Our Anglican minds have focused much on cathedrals in the last year.

The famous Igloo Cathedral of the Diocese of the Arctic is rising again from its ashes in Iqaluit, Nunavut. Having been burned in an act of arson in 2005, this cathedral will again be a spiritual home to thousands of Anglicans across the Canadian North during a time of remarkable economic and cultural transition. Its place will be all the more important as a symbol of continuity following the recent death of Bishop Jack Sperry, an Arctic Anglican leader for more than a half century.

In the Episcopal Church in the United States, the roles of cathedrals in diocesan life seem more than ever in flux.

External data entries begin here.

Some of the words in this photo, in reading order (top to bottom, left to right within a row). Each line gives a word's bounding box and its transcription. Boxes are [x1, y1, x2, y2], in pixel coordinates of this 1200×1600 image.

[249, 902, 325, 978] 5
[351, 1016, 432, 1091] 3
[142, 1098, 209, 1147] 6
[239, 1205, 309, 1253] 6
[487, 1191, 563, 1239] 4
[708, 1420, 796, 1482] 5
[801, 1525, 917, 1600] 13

One cathedral—an important example of Brutalist architecture (if you like that sort of thing) in Kalamazoo, Michigan—closed in 2011. Two others, in Rhode Island and Delaware, are slated to close in 2012. In New York, the Cathedral of St John the Divine is planning a residential development to support its mission. People in the cities in which these cathedrals have been long-unquestioned centres of community life are deeply concerned about signs that their cathedrals will be either closed or somehow significantly changed.

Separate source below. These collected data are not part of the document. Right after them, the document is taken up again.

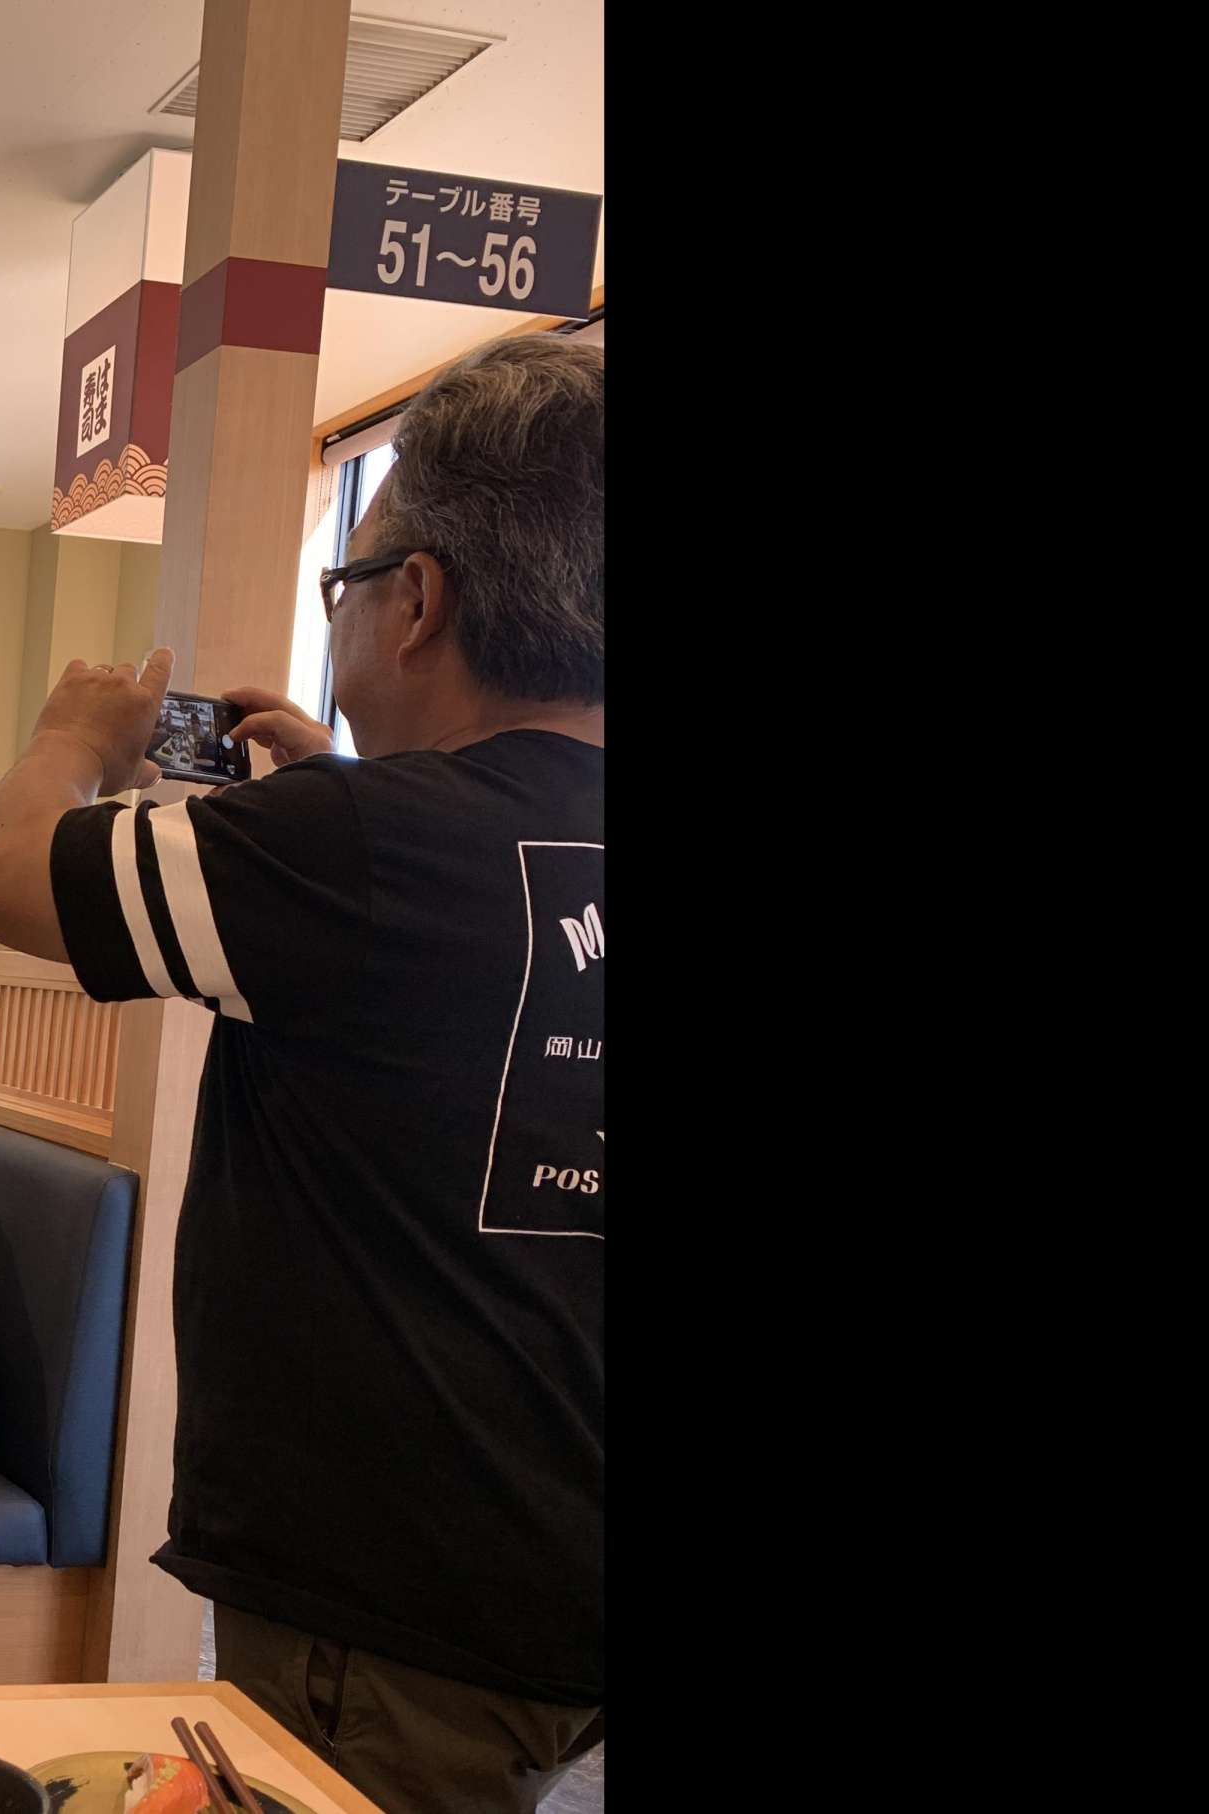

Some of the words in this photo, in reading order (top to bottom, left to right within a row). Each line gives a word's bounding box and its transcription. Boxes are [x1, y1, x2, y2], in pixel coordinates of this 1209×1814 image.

[386, 179, 541, 226] テーブル番号
[81, 372, 97, 442] 寿司
[94, 358, 111, 435] はま
[544, 1036, 601, 1061] 岡山
[533, 1164, 599, 1194] POS

Following extensive damage in the 2011 Christchurch earthquake, it appears likely that Kiwi Anglicans will need to bid farewell to their iconic 1881 Christchurch Cathedral. Intense interest in the fate of this building has come from urban planners, politicians, and churchfolk, some of whom point out that the spire has in fact fallen three times because of seismic events. (The earlier disasters were in 1888 and 1901.)

St Paul's Cathedral in London has been the centre of Occupy London protests, and the cathedral's response to the mostly peaceful encampment there formed a lightning-rod for discussion of economic inequality and religion. Last week, police evicted the protestors who had camped here since 15 October 2011. For our part, we wondered if St Paul's was here being used as a symbol of the Establishment via the Established Church, or whether the Occupy movement really had a strong interest in calling on the religious significance of the cathedral. Yet if only for the power and purposes of synecdoche, many Britons still look to a cathedral as a symbol of a place where they can be safe and be heard.

All of this is to say that cathedrals are very much on the rise in parts of Anglicanism, and very much on the decline in other parts.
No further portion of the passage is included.